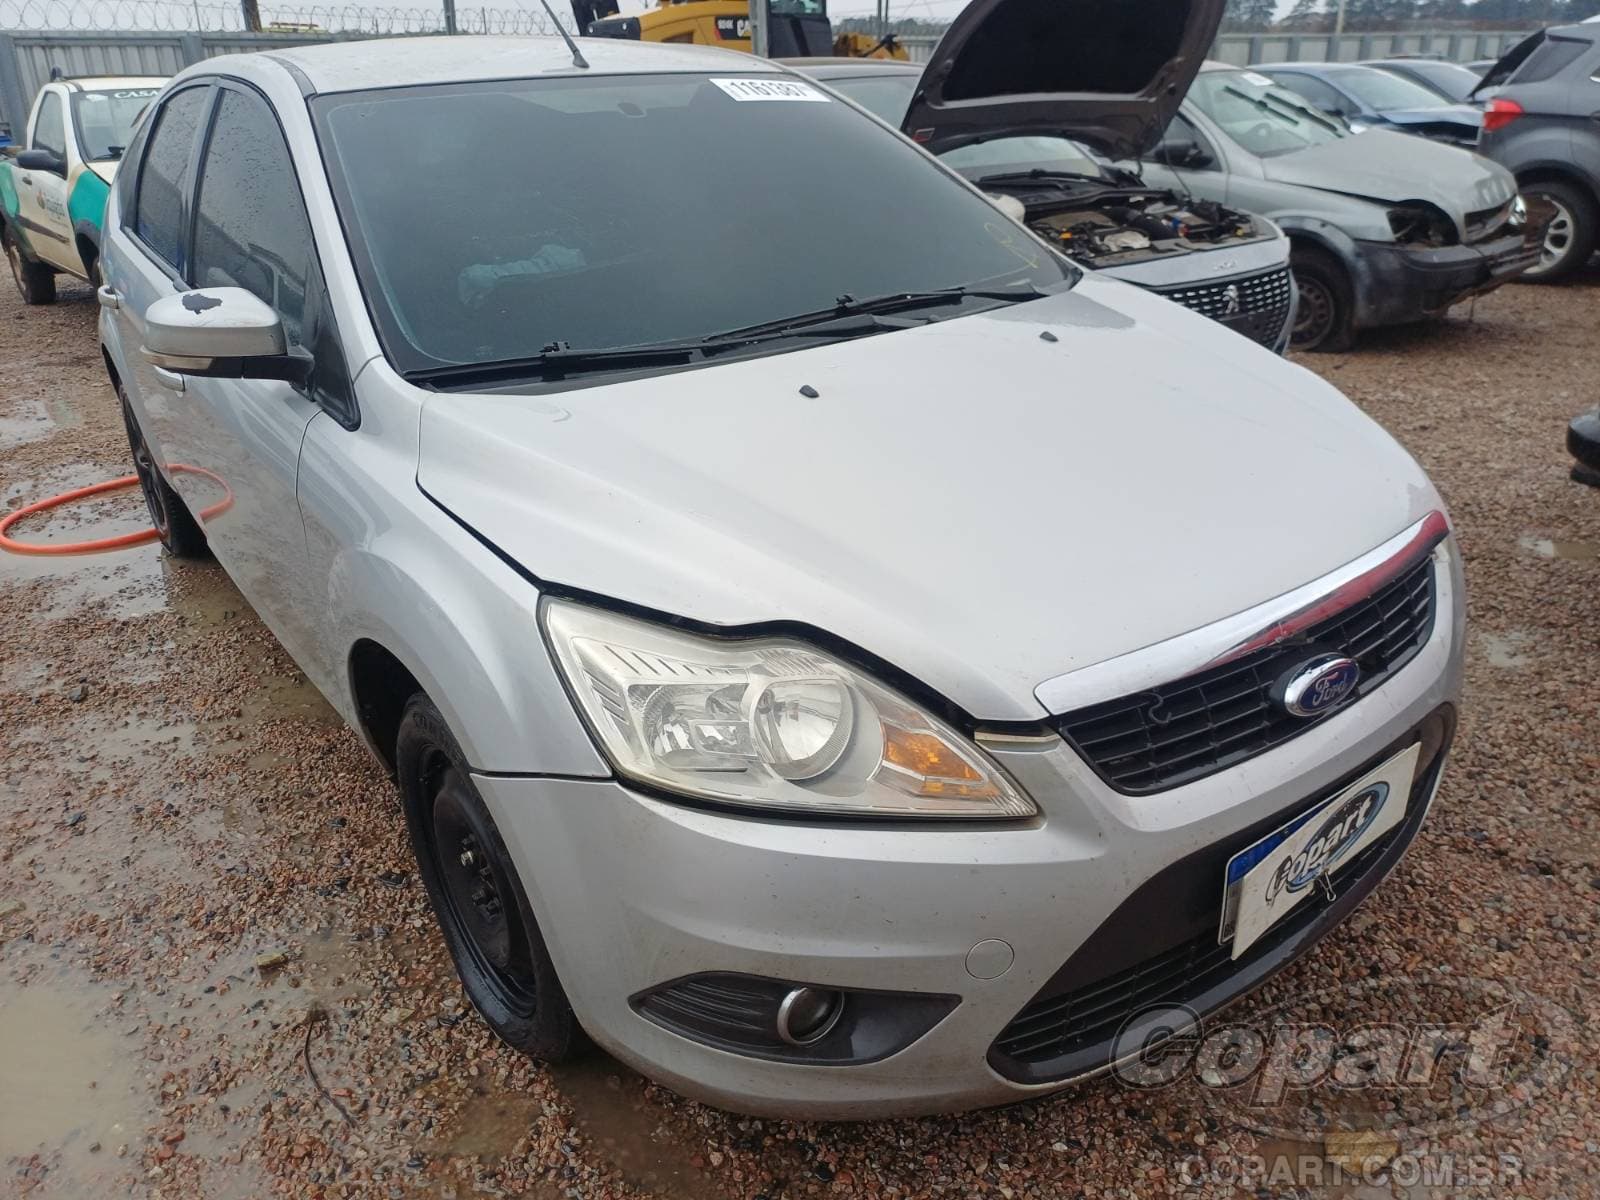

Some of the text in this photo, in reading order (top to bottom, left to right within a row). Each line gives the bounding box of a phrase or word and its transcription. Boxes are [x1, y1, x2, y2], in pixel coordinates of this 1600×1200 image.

[737, 20, 752, 37] CA
[1312, 671, 1348, 706] Ford
[1265, 795, 1373, 908] Copart
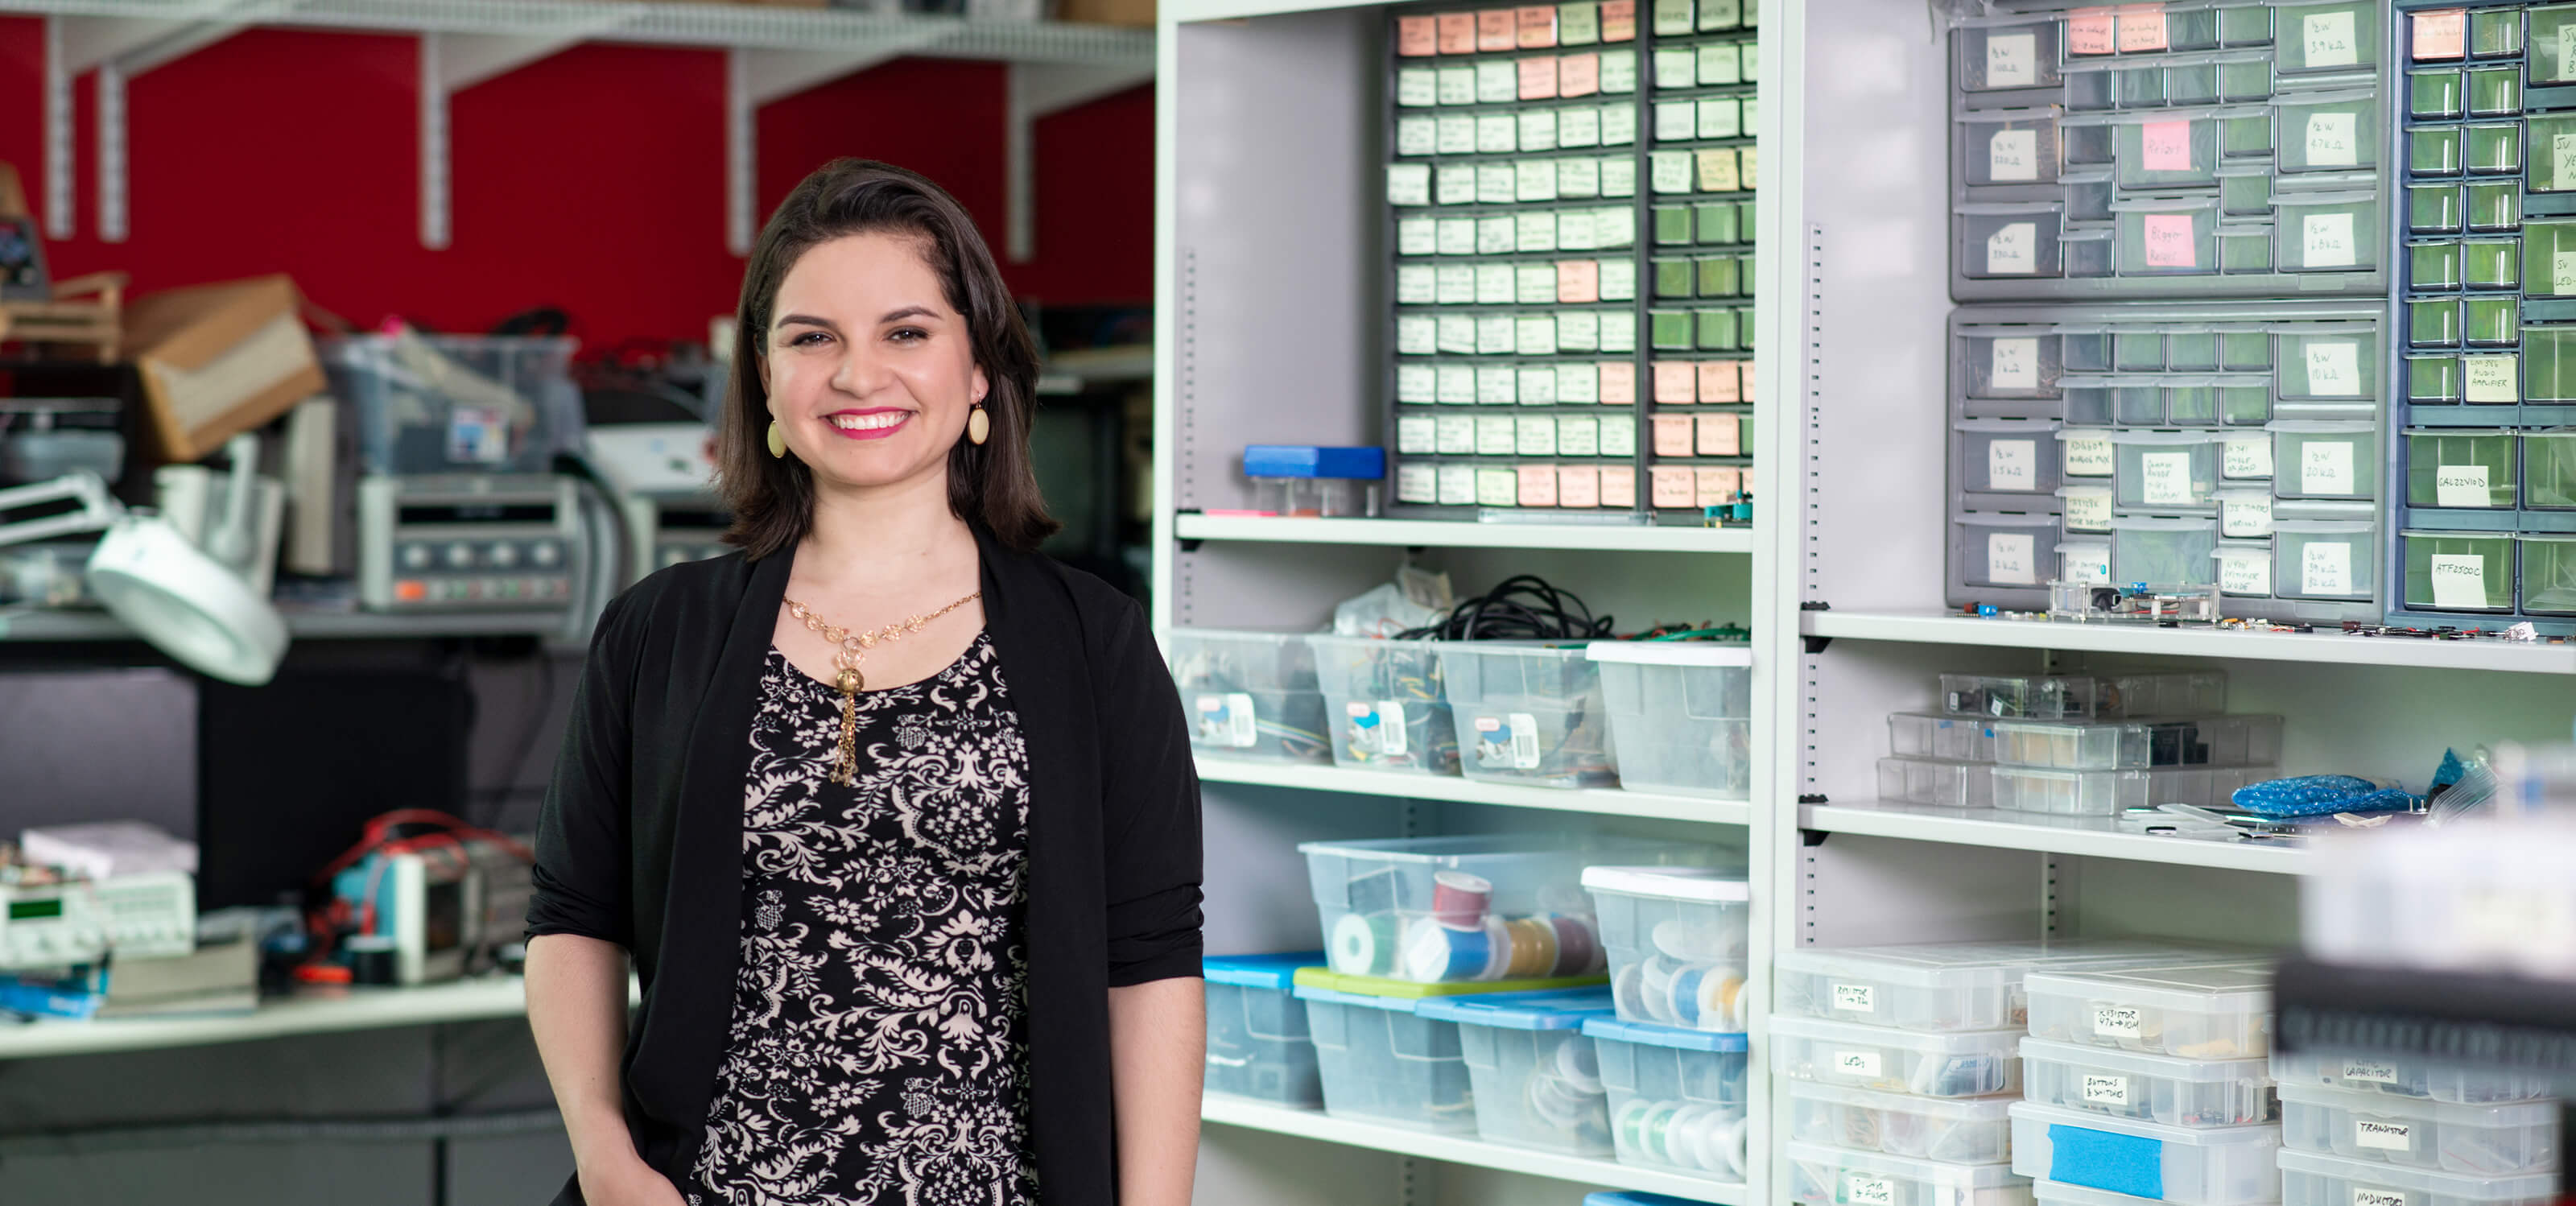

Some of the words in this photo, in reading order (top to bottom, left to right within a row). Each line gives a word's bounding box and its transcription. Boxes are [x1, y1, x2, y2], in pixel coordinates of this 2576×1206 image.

[2471, 378, 2508, 387] AMPLIFIER
[2438, 477, 2485, 487] GAL22V10D
[2435, 564, 2480, 576] ATF2500C
[2345, 1067, 2392, 1079] CAPACITOR
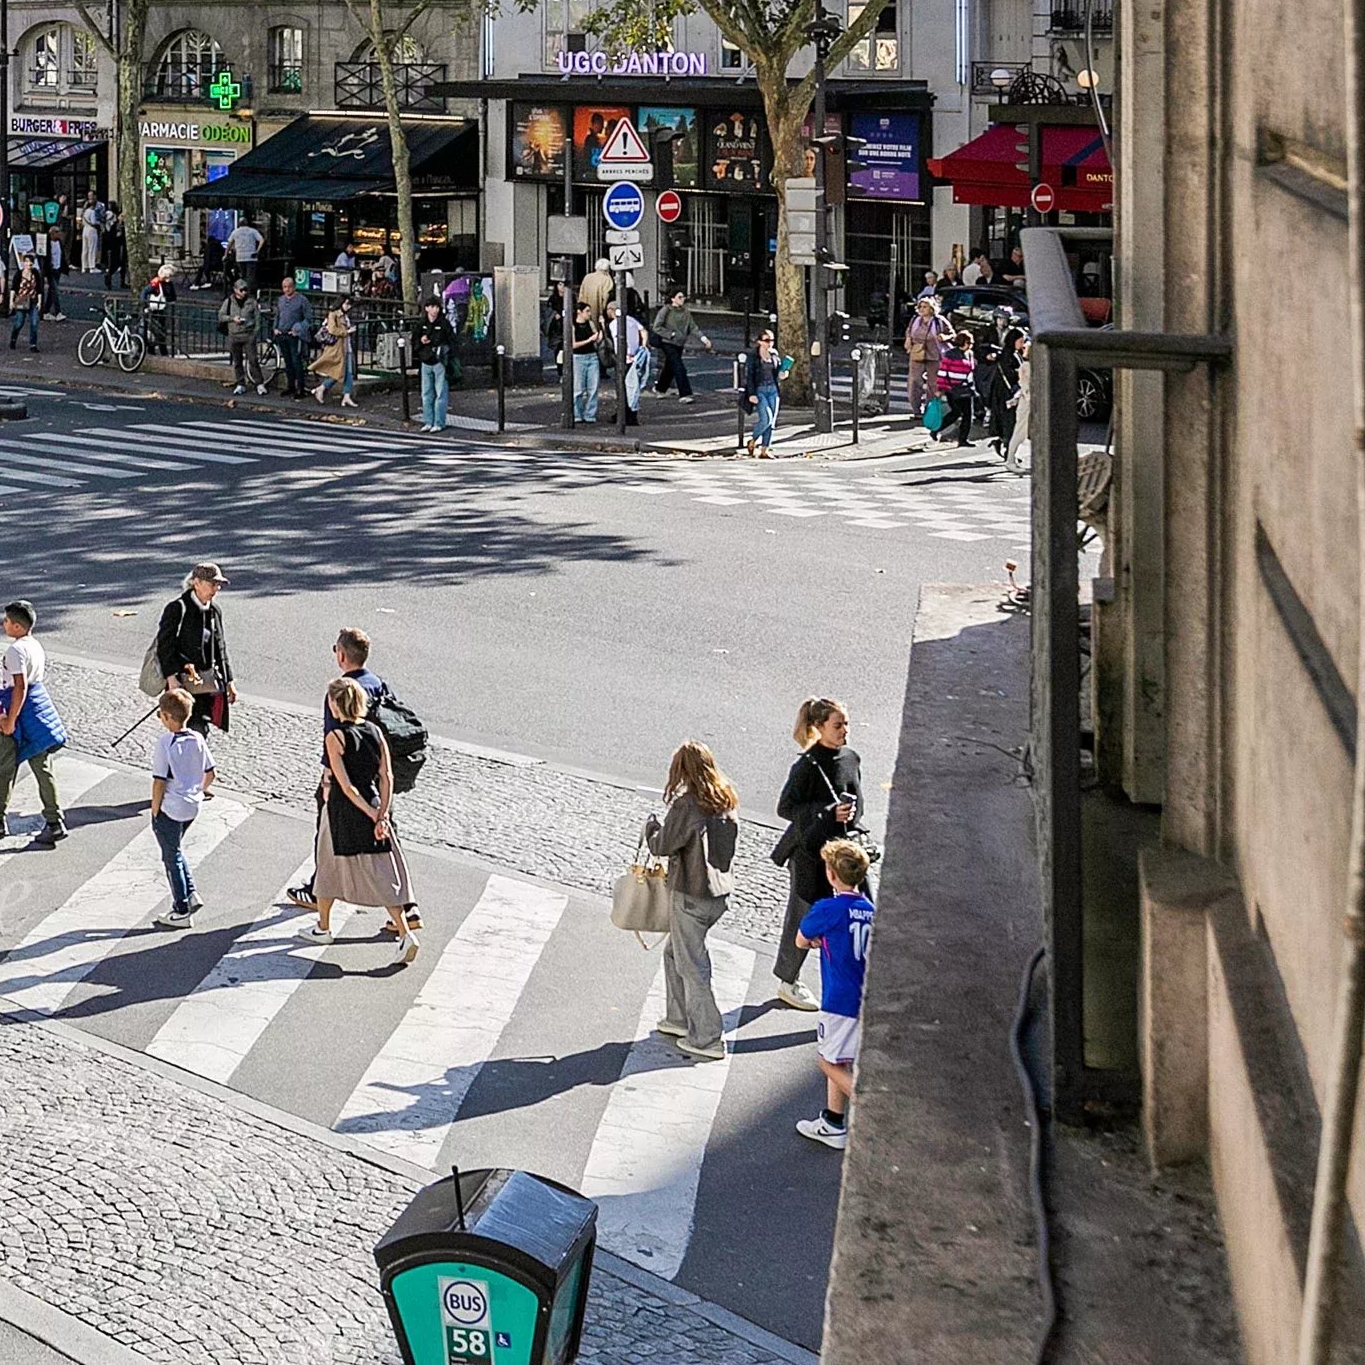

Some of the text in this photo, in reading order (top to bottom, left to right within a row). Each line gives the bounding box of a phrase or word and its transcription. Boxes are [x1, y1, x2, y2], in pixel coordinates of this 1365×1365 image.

________________________________________

Task prompt
In the copy, include exactly the lines from the one with "Some of the words" through the final line of the entries above, both ends counted, and no pictures.

Reply
Some of the words in this photo, in reading order (top to bottom, left to right within a row). Each line gives a word's bounding box and its transcription. Boxes are [x1, y1, x2, y2], in pixel coordinates of this 2576×1206 image.

[2471, 378, 2508, 387] AMPLIFIER
[2438, 477, 2485, 487] GAL22V10D
[2435, 564, 2480, 576] ATF2500C
[2345, 1067, 2392, 1079] CAPACITOR

Some of the text in this photo, in reading order (top to bottom, left to right within a row). Each line gives the bounding box of a phrase or word and its transcription. Boxes are [x1, y1, x2, y2], in pixel coordinates of this 1365×1365 image.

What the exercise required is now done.